| Requirement |
Type out every line below exactly as it reads.
----- Entries provided -----
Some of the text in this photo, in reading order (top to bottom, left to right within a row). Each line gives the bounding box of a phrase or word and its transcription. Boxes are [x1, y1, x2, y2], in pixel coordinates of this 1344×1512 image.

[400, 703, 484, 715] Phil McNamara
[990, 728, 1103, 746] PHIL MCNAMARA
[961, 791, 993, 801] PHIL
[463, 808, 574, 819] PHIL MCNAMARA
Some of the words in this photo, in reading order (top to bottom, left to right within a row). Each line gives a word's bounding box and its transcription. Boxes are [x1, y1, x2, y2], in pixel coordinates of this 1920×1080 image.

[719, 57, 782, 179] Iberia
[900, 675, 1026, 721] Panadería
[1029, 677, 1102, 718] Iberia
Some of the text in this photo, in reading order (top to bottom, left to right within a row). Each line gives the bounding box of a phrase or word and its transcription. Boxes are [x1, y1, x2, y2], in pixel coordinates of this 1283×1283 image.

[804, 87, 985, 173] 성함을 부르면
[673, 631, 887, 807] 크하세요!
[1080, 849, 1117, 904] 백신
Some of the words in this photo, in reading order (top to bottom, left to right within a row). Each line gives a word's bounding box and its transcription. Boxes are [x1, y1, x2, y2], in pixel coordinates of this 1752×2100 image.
-----
| Expected answer |
Some of the text in this photo, in reading order (top to bottom, left to right within a row). Each line gives the bounding box of a phrase or word and its transcription. Boxes are [x1, y1, x2, y2], in pixel coordinates of this 1344×1512 image.

[400, 703, 484, 715] Phil McNamara
[990, 728, 1103, 746] PHIL MCNAMARA
[961, 791, 993, 801] PHIL
[463, 808, 574, 819] PHIL MCNAMARA
Some of the words in this photo, in reading order (top to bottom, left to right within a row). Each line gives a word's bounding box and its transcription. Boxes are [x1, y1, x2, y2], in pixel coordinates of this 1920×1080 image.

[719, 57, 782, 179] Iberia
[900, 675, 1026, 721] Panadería
[1029, 677, 1102, 718] Iberia
Some of the text in this photo, in reading order (top to bottom, left to right within a row). Each line gives the bounding box of a phrase or word and its transcription. Boxes are [x1, y1, x2, y2], in pixel coordinates of this 1283×1283 image.

[804, 87, 985, 173] 성함을 부르면
[673, 631, 887, 807] 크하세요!
[1080, 849, 1117, 904] 백신
Some of the words in this photo, in reading order (top to bottom, left to right within a row). Each line gives a word's bounding box and its transcription. Boxes are [x1, y1, x2, y2], in pixel coordinates of this 1752×2100 image.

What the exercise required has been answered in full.